Я нырнула в метро и через полчаса была уже дома. Мне очень хотелось рассказать дома о произошедшем, но я благоразумно этого делать не стала. Да может, нам все это показалось? У страха глаза велики. Велики  и голубы, как у шефа тогда:)

           Просто время такое было, и окружающая бытность допускала любое развитие событий. Каждый вечер в новостях показывали распластанные на асфальте перед крутыми машинами трупы постреляных в разборках братков,  коммерсантов и прочих активистов зарождающегося капитализма.  Обычное дело для того времени.

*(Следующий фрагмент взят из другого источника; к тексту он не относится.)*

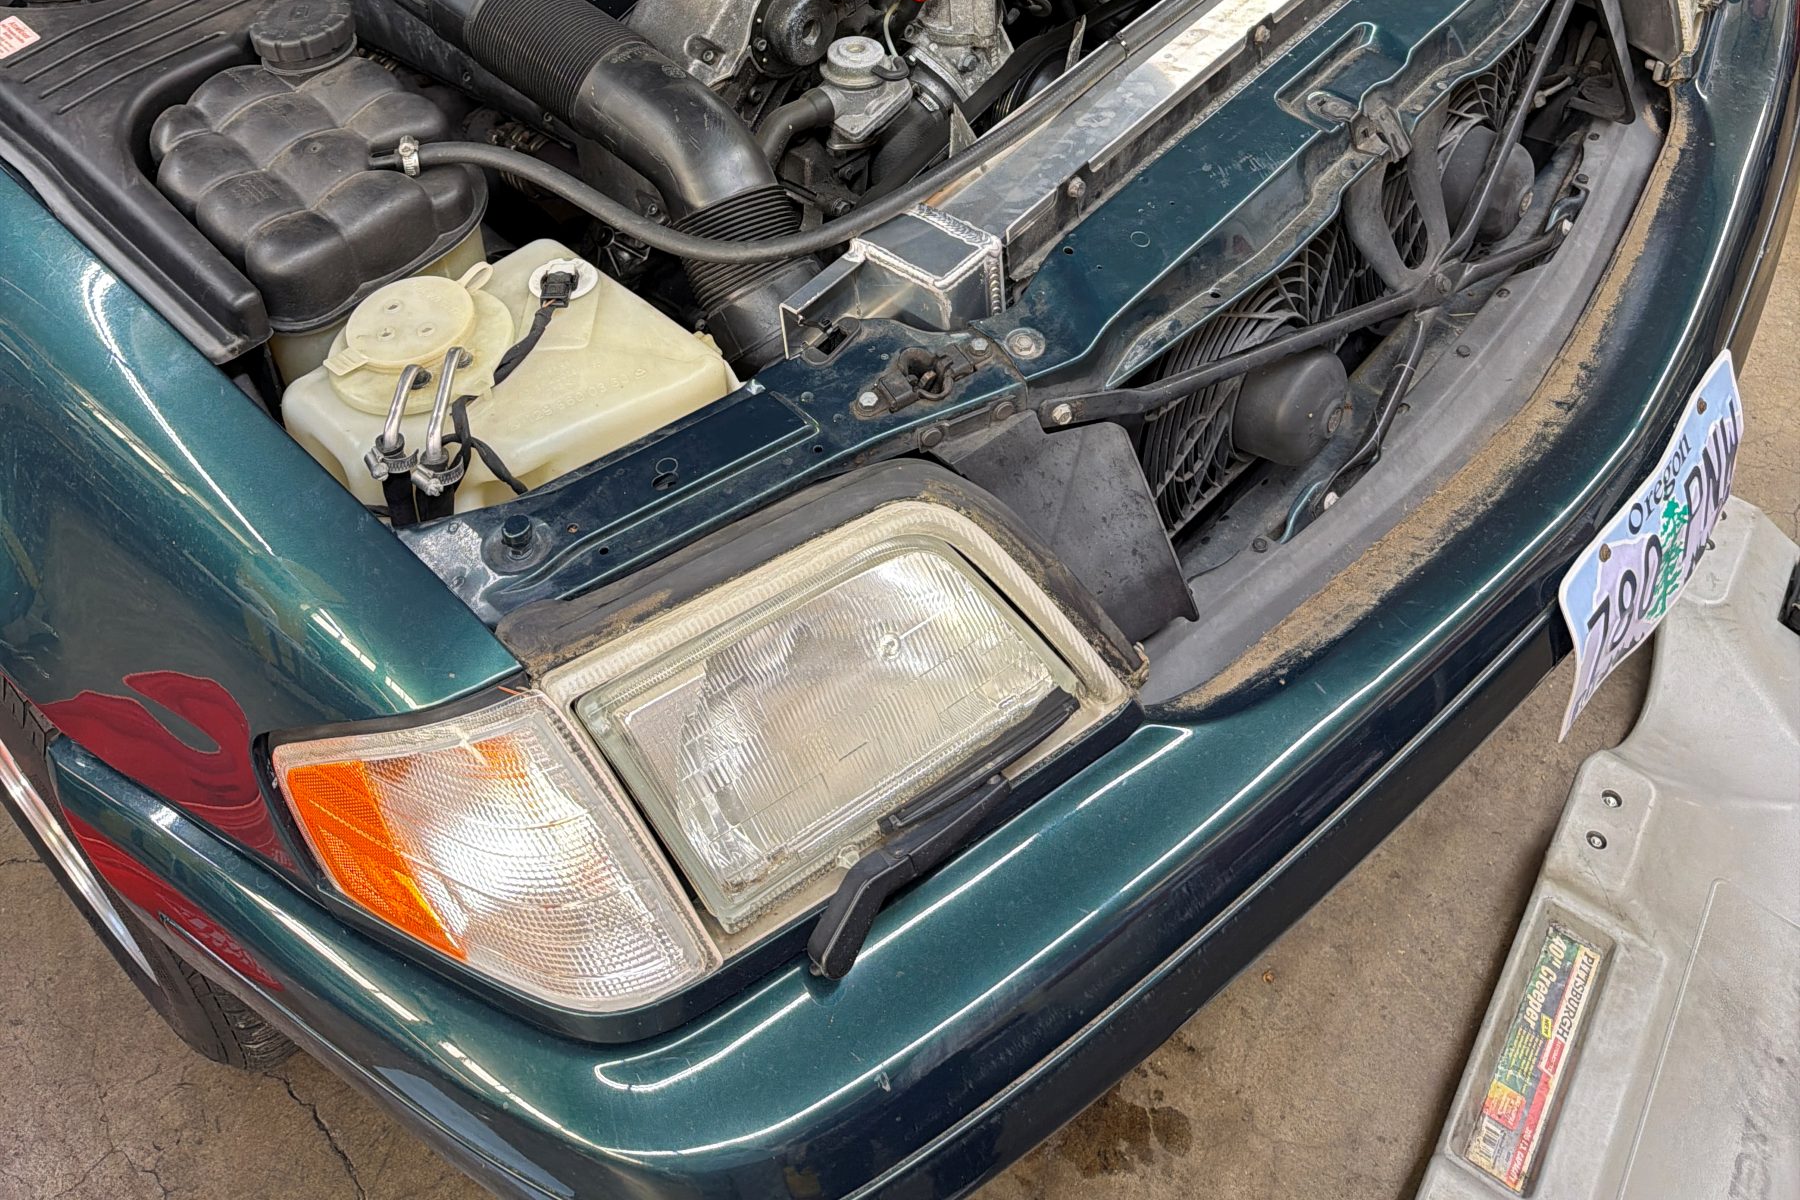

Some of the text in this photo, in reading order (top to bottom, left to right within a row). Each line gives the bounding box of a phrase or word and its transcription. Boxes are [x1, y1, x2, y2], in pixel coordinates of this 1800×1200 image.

            А шефа на фирме ожидал еще один сюрприз.
 
            Компания наша занималась реализацией нефтепродуктов на семи бензозаправочных колонках. Фирма небольшая, людей «с улицы» там не было, отношения установились почти родственные.  Была у нас кассир – Валентина Акимовна. Славная женщина лет пятидесяти, звезд с неба не хватала, интеллектом никого не пугала, усердный исполнительный работник. Муж у нее был обычный работяга, сильно пьющий, хоть и с золотыми руками, что часто сочетается на Руси. Соответственно, достаток в семье прихрамывал, а надо было поднимать двоих детей. А тут через ее руки проходят миллионы, да еще не всегда правильно отраженные в бухгалтерской отчетности. Вот бес и попутал нашу Акимовну. Умыкнула она в тот день некую не особо значительную сумму из подведомственного ей сейфа.
 
             Воровство – грех тяжелый. Провидение не оставляет его безнаказанным. Причем, чем позже приходит возмездие, тем больнее оно бьет по лихоимцу. Акимовну судьба пожалела – пропажа денег была обнаружена главбухом в день преступления. Видимо, провидение питало к Валентине Акимовне некую слабость, поскольку в тот же день преподало ей такой урок, после которого зариться на чужое она больше не смела до самого конца жизни.
 
              Как только шеф вернулся в офис, в его кабинет привели Акимовну на проработку - больше для лечебно-профилактических, нежели карательных целей. Усмехаясь в пшеничные усы и поправляя малиновый пиджак, директор велел написать Акимовне чистосердечное признание на его имя с тем, чтобы при повторном инциденте это заявление легло на стол прокурору. Сидит Акимовна, выводит дрожащей рукой: «Я, Захарова Валентина Акимовна, самовольно взяла из кассы предприятия для личных нужд …» и тут…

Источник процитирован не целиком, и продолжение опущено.